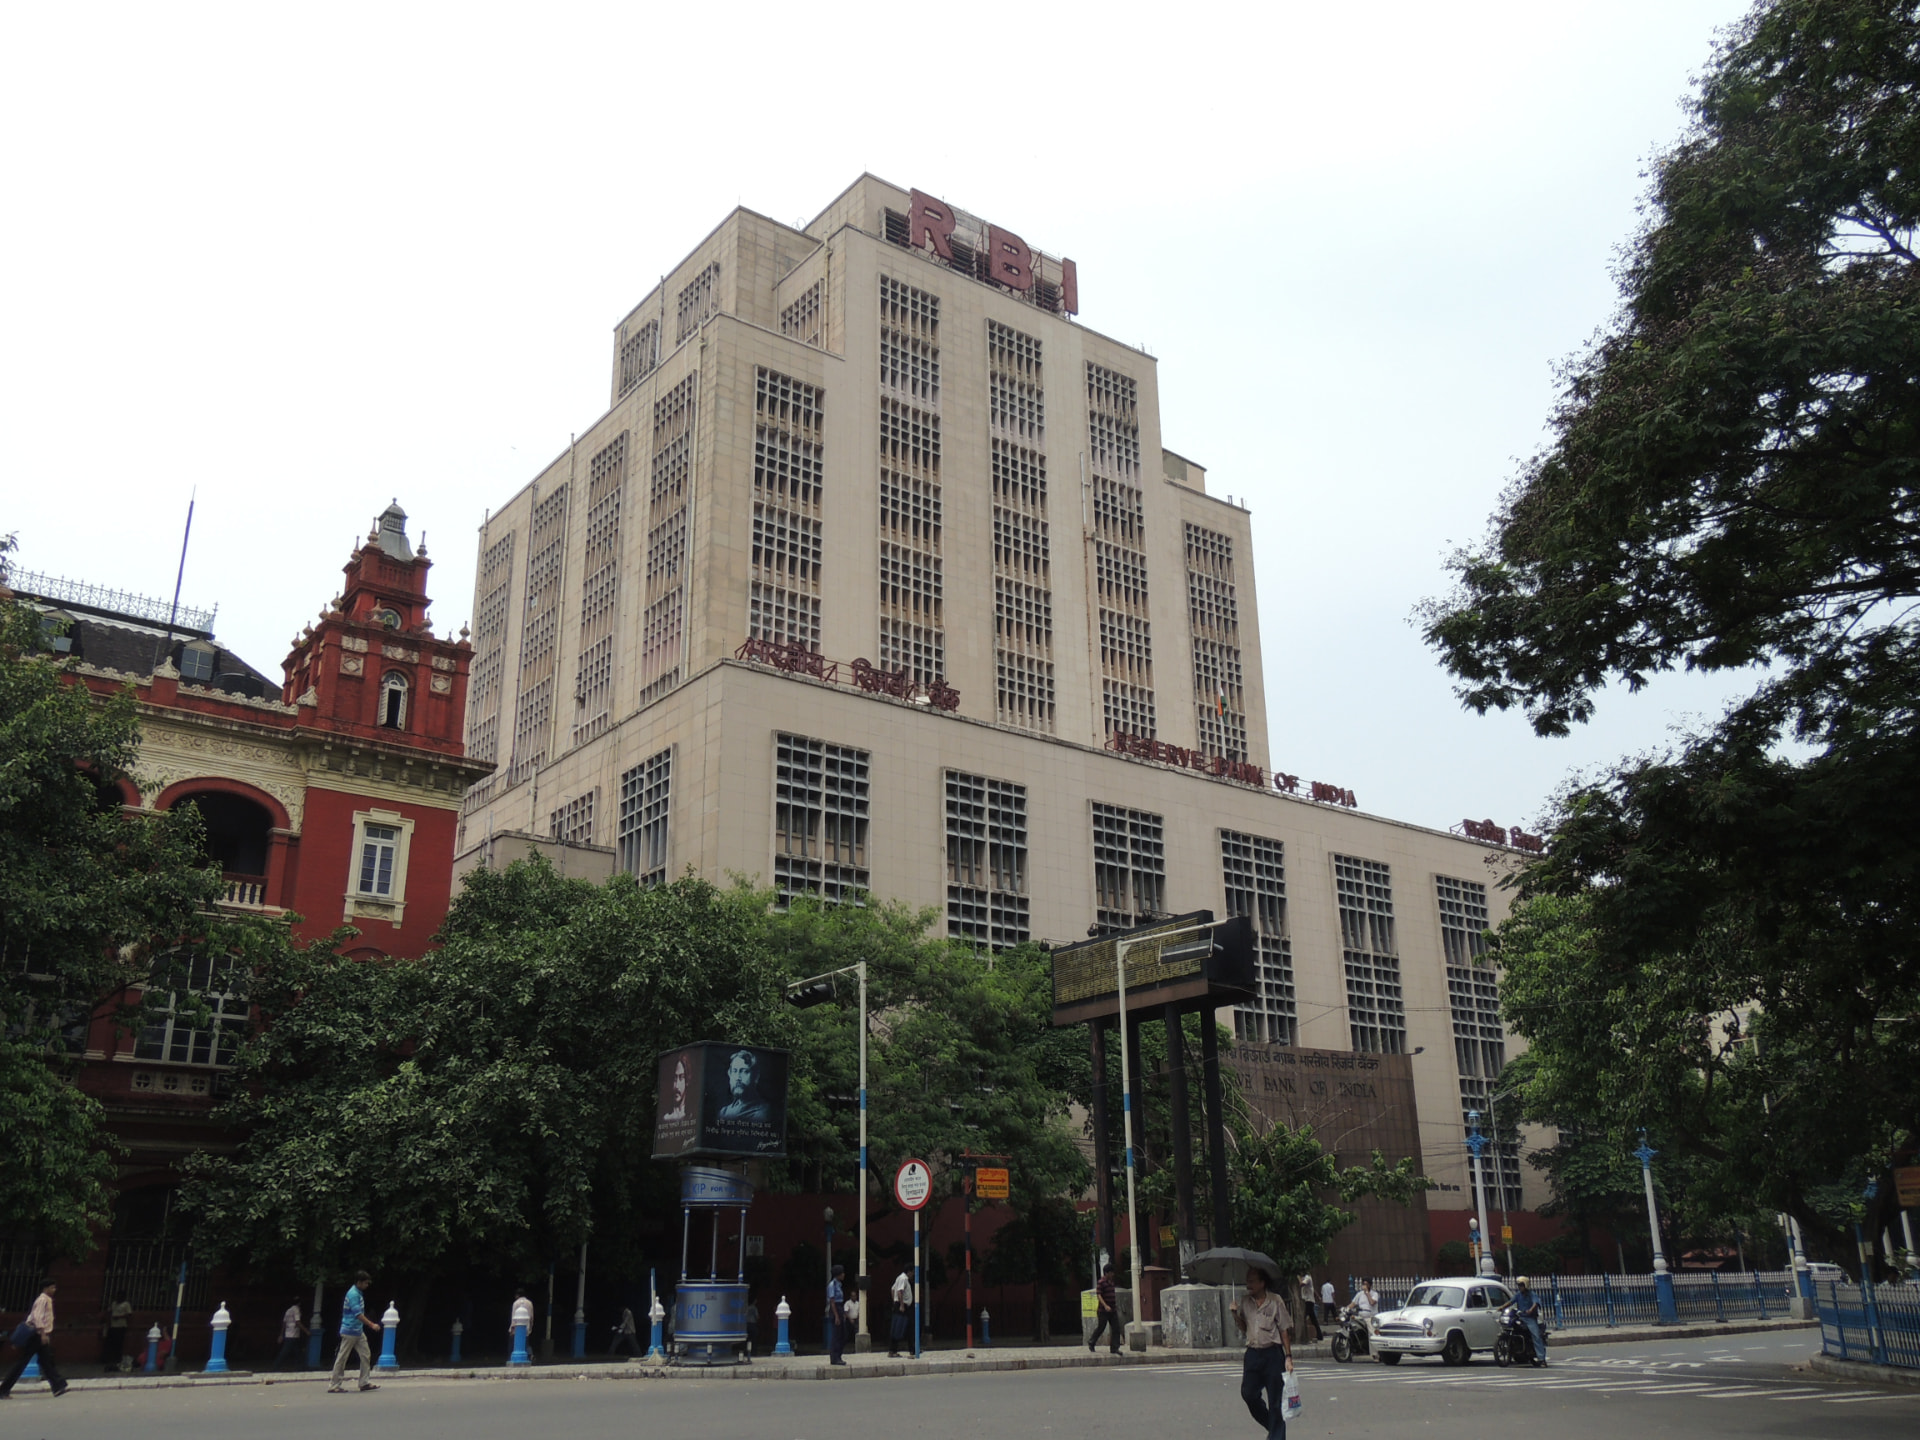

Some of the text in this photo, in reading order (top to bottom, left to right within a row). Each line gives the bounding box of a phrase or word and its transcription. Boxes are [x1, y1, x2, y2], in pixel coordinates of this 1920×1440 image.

[910, 187, 1078, 316] RBI
[1112, 730, 1358, 808] RESERVE BANK OF INDIA
[1263, 1076, 1297, 1094] BANK
[1310, 1080, 1328, 1096] OF
[1337, 1081, 1378, 1098] INDIA
[687, 1303, 708, 1320] KIP
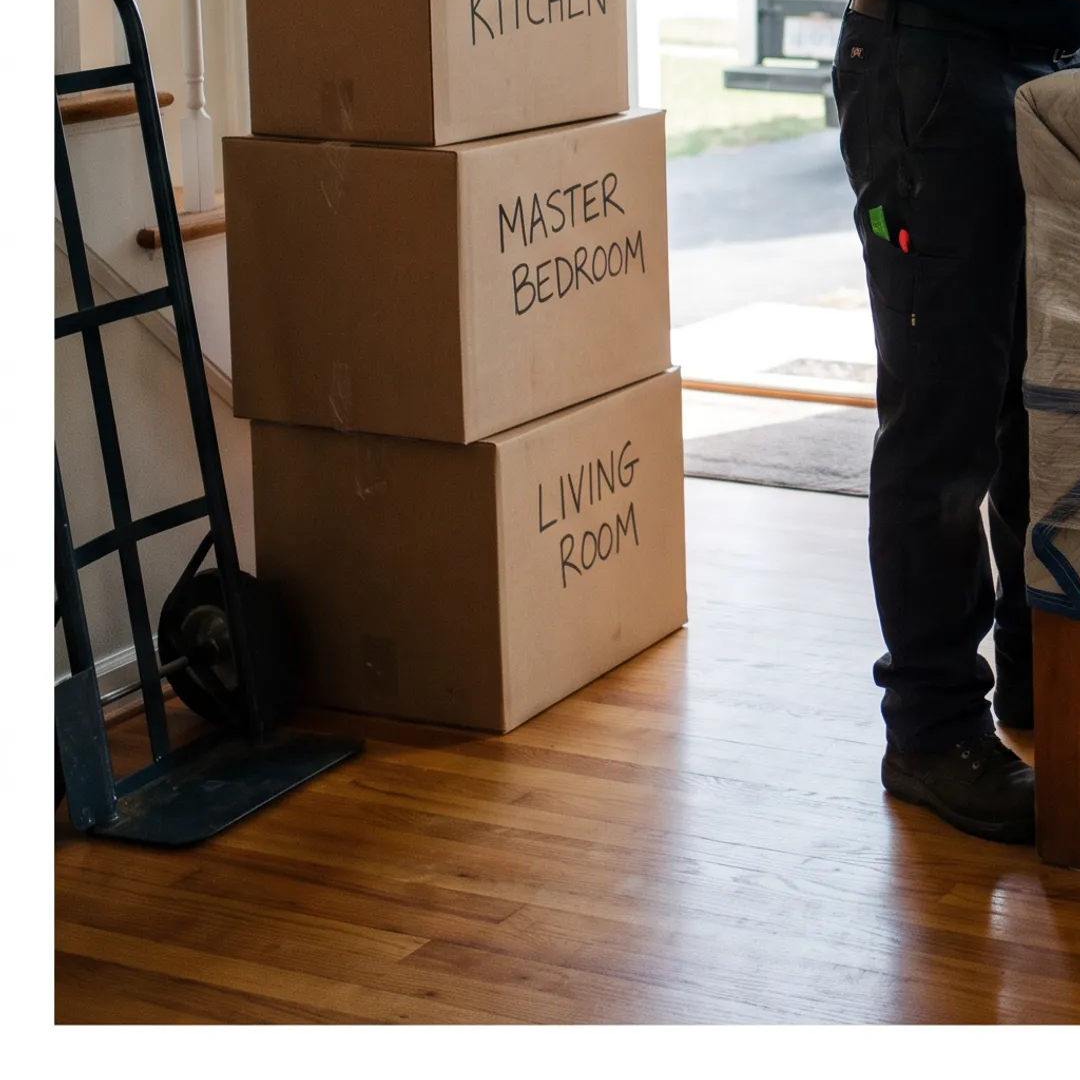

|---|

■ Assignment ■
Write the listing out again in full and unchanged, minus any pictures.

■ Answer space ■
Some of the text in this photo, in reading order (top to bottom, left to right within a row). Each line gives the bounding box of a phrase or word and its transcription. Boxes are [x1, y1, x2, y2], in pixel coordinates of this 1920×1440 image.

[910, 187, 1078, 316] RBI
[1112, 730, 1358, 808] RESERVE BANK OF INDIA
[1263, 1076, 1297, 1094] BANK
[1310, 1080, 1328, 1096] OF
[1337, 1081, 1378, 1098] INDIA
[687, 1303, 708, 1320] KIP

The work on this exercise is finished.